▶ **TASK GOAL**: Set the images aside and retype the whole listing exactly.

▶ **STORED DATA**:
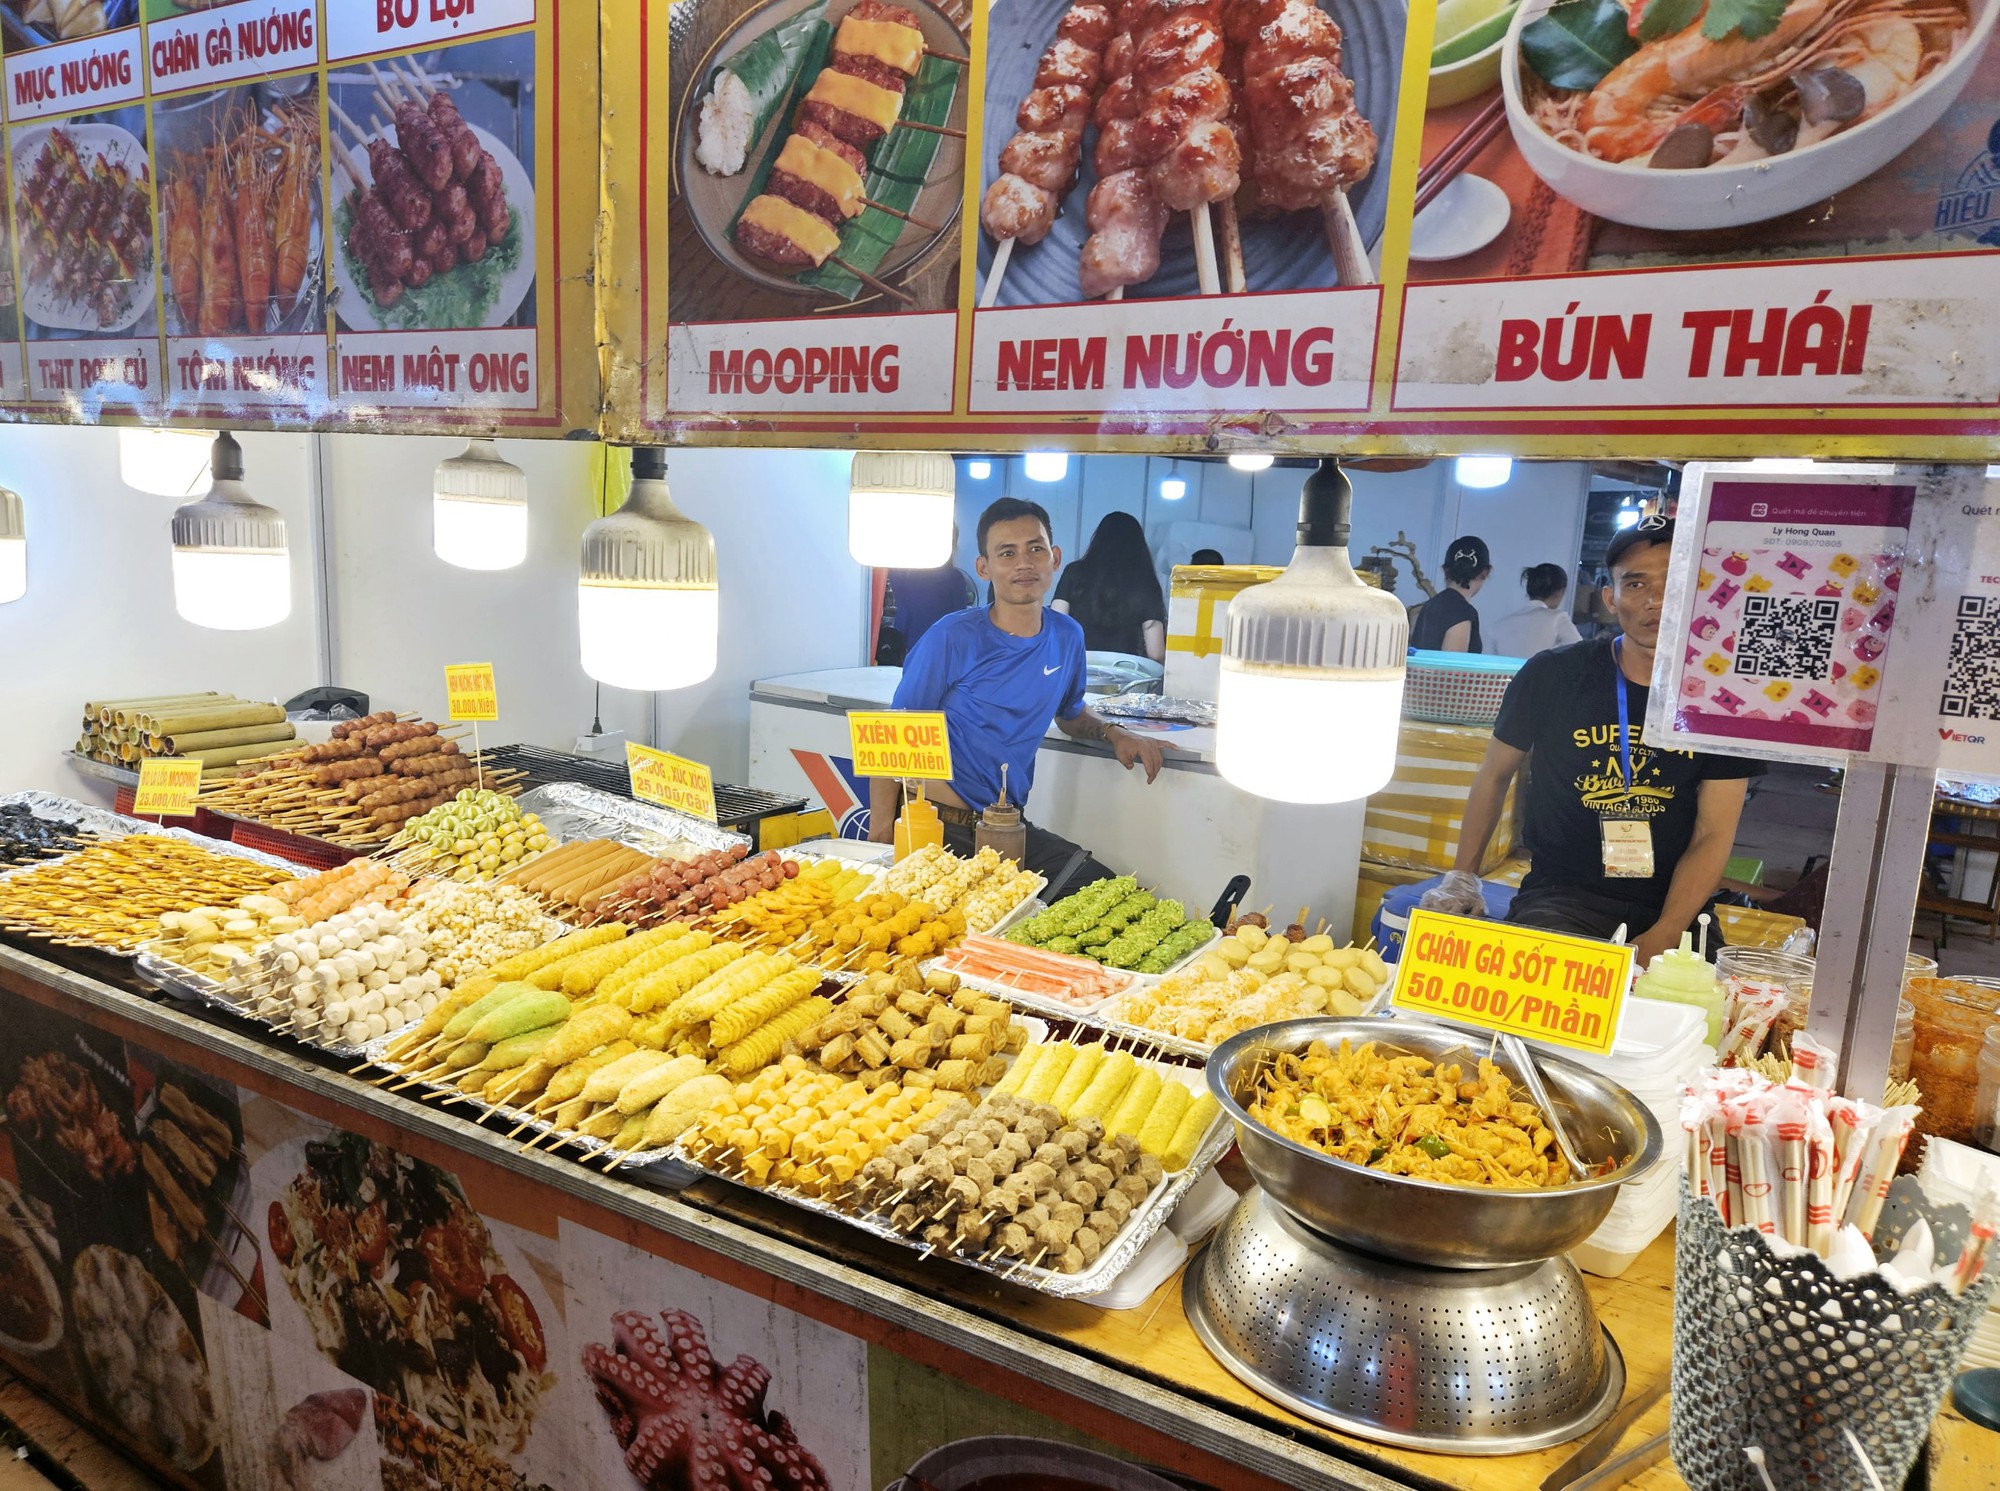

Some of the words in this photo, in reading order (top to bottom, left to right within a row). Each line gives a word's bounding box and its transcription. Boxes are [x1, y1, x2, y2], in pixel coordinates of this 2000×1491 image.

[152, 29, 200, 77] CHÂN
[206, 18, 232, 66] GÀ
[238, 7, 313, 61] NƯỚNG
[15, 65, 56, 109] MỤC
[61, 48, 131, 96] NƯỚNG
[996, 336, 1106, 392] NEM
[1123, 318, 1334, 390] NƯỚNG
[1495, 301, 1652, 382] BÚN
[1682, 289, 1873, 377] THÁI
[123, 348, 148, 390] CỦ
[177, 349, 227, 390] TÔM
[232, 348, 315, 391] NƯỚNG
[342, 354, 395, 392] NEM
[403, 345, 460, 400] MẬT
[468, 353, 530, 393] ONG
[708, 344, 900, 396] MOOPING
[1961, 504, 1992, 516] Quét
[1773, 527, 1783, 536] Ly
[1785, 527, 1809, 537] Hong
[1811, 528, 1836, 537] Quan
[451, 697, 496, 715] 30.000/Xiên
[856, 719, 898, 745] XIÊN
[904, 724, 942, 748] QUE
[168, 770, 198, 788] MOOPING
[671, 763, 689, 787] XÚC
[689, 768, 708, 793] XÍCH
[859, 750, 945, 771] 20.000/Xiên
[1415, 930, 1471, 969] CHÂN
[1475, 938, 1506, 977] GÀ
[1508, 942, 1558, 987] SỐT
[1562, 958, 1615, 1000] THÁI
[1407, 971, 1602, 1039] 50.000/Phần
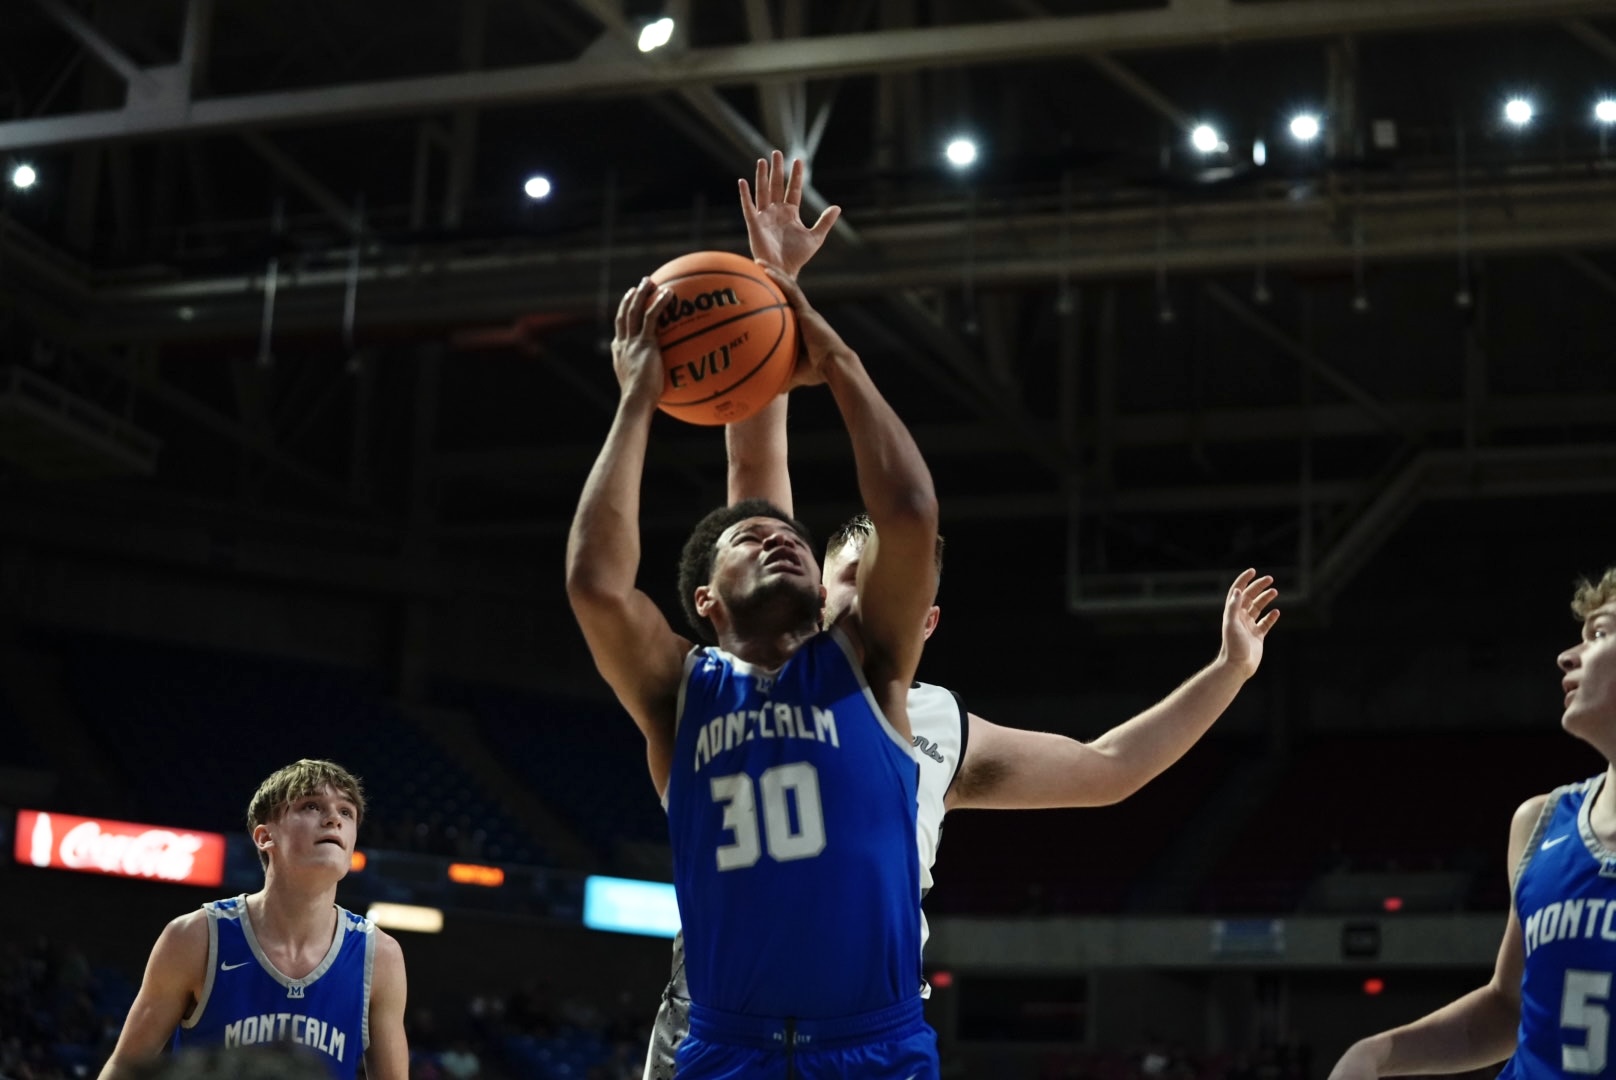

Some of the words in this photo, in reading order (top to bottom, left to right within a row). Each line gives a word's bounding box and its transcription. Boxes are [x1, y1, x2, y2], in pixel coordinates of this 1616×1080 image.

[658, 287, 738, 328] ilson
[669, 345, 730, 388] EVO
[710, 761, 827, 872] 30
[224, 1012, 346, 1063] MONTCALM
[1560, 968, 1612, 1075] 5
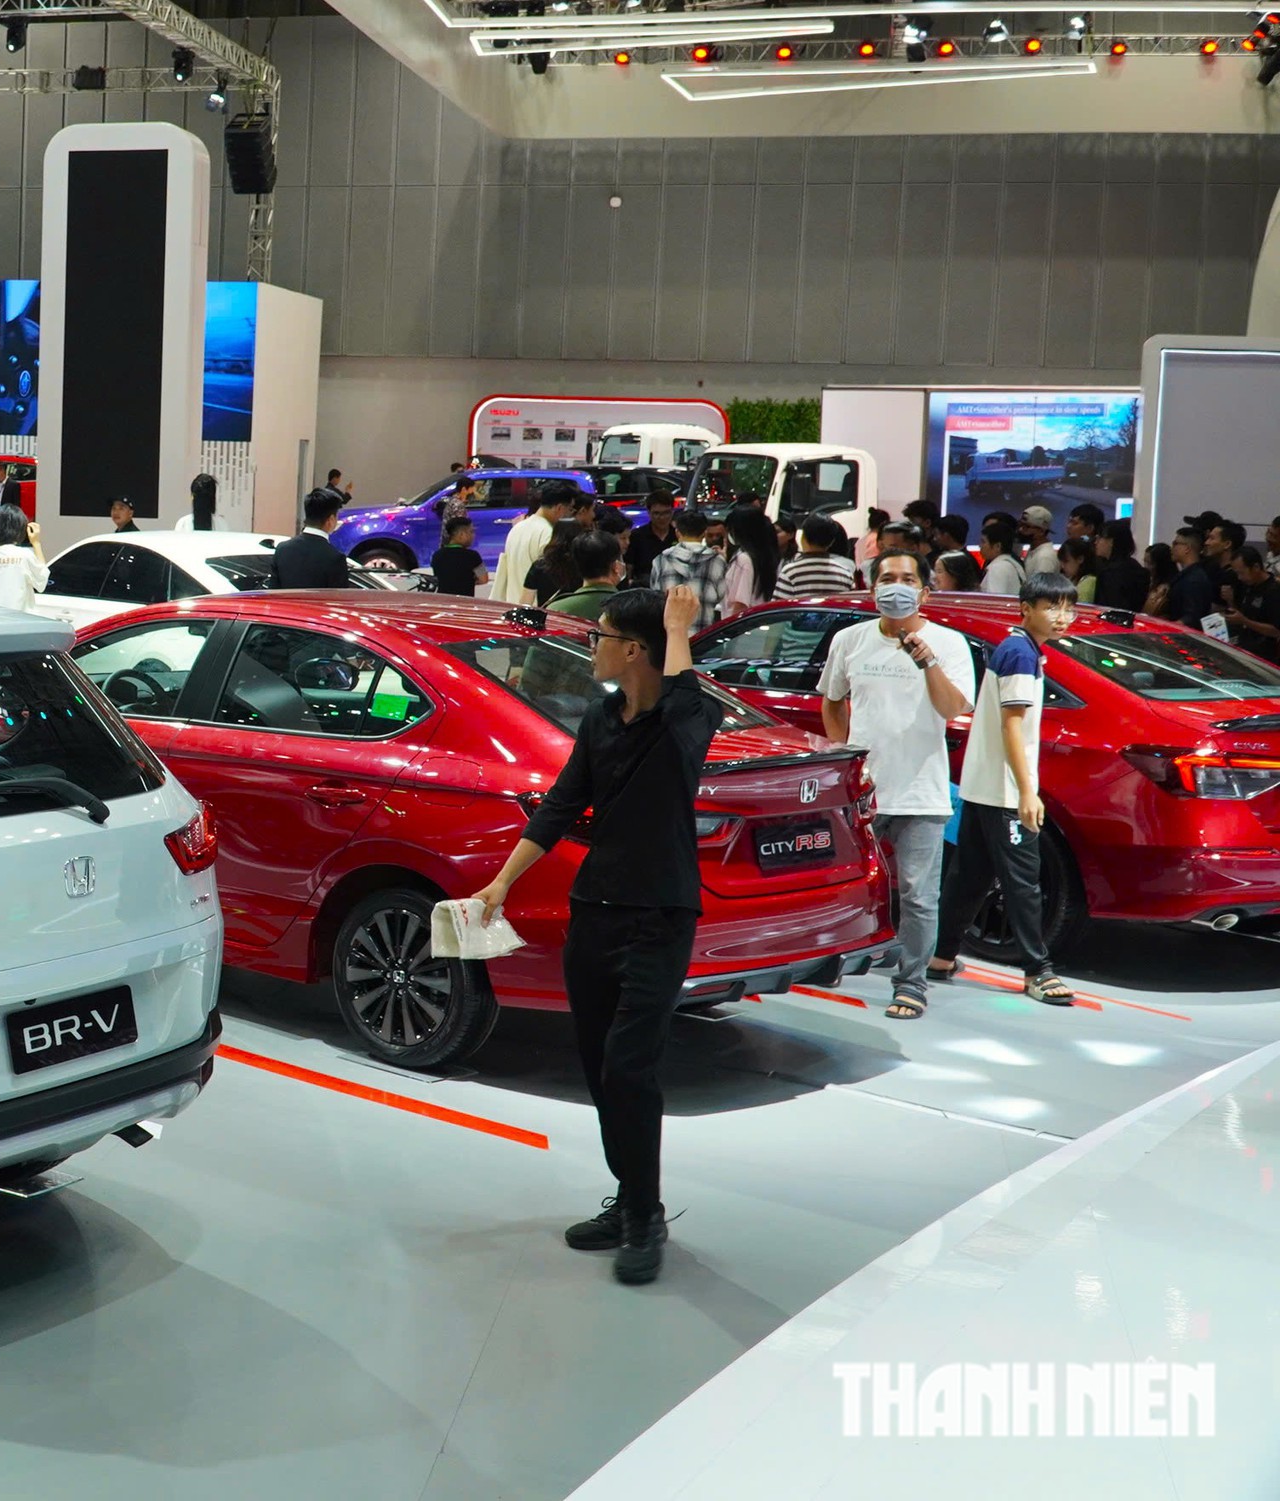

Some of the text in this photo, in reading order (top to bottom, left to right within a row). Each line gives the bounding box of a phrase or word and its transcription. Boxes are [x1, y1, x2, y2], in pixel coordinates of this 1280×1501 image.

[760, 831, 831, 856] CITY RS
[22, 1003, 120, 1055] BR-V

▶ **TASK SOLUTION**:
Some of the words in this photo, in reading order (top to bottom, left to right within a row). Each line gives a word's bounding box and its transcription. Boxes are [x1, y1, x2, y2], in pixel coordinates of this 2000×1491 image.

[152, 29, 200, 77] CHÂN
[206, 18, 232, 66] GÀ
[238, 7, 313, 61] NƯỚNG
[15, 65, 56, 109] MỤC
[61, 48, 131, 96] NƯỚNG
[996, 336, 1106, 392] NEM
[1123, 318, 1334, 390] NƯỚNG
[1495, 301, 1652, 382] BÚN
[1682, 289, 1873, 377] THÁI
[123, 348, 148, 390] CỦ
[177, 349, 227, 390] TÔM
[232, 348, 315, 391] NƯỚNG
[342, 354, 395, 392] NEM
[403, 345, 460, 400] MẬT
[468, 353, 530, 393] ONG
[708, 344, 900, 396] MOOPING
[1961, 504, 1992, 516] Quét
[1773, 527, 1783, 536] Ly
[1785, 527, 1809, 537] Hong
[1811, 528, 1836, 537] Quan
[451, 697, 496, 715] 30.000/Xiên
[856, 719, 898, 745] XIÊN
[904, 724, 942, 748] QUE
[168, 770, 198, 788] MOOPING
[671, 763, 689, 787] XÚC
[689, 768, 708, 793] XÍCH
[859, 750, 945, 771] 20.000/Xiên
[1415, 930, 1471, 969] CHÂN
[1475, 938, 1506, 977] GÀ
[1508, 942, 1558, 987] SỐT
[1562, 958, 1615, 1000] THÁI
[1407, 971, 1602, 1039] 50.000/Phần

Some of the words in this photo, in reading order (top to bottom, left to right within a row). Each line gives a word's bounding box and its transcription. Boxes are [x1, y1, x2, y2], in pixel coordinates of this 1616×1080 image.

[658, 287, 738, 328] ilson
[669, 345, 730, 388] EVO
[710, 761, 827, 872] 30
[224, 1012, 346, 1063] MONTCALM
[1560, 968, 1612, 1075] 5

Some of the text in this photo, in reading order (top to bottom, left to right within a row). Each line gives the bounding box of a phrase or word and its transcription. Boxes are [x1, y1, x2, y2], in pixel coordinates of this 1280×1501 image.

[760, 831, 831, 856] CITY RS
[22, 1003, 120, 1055] BR-V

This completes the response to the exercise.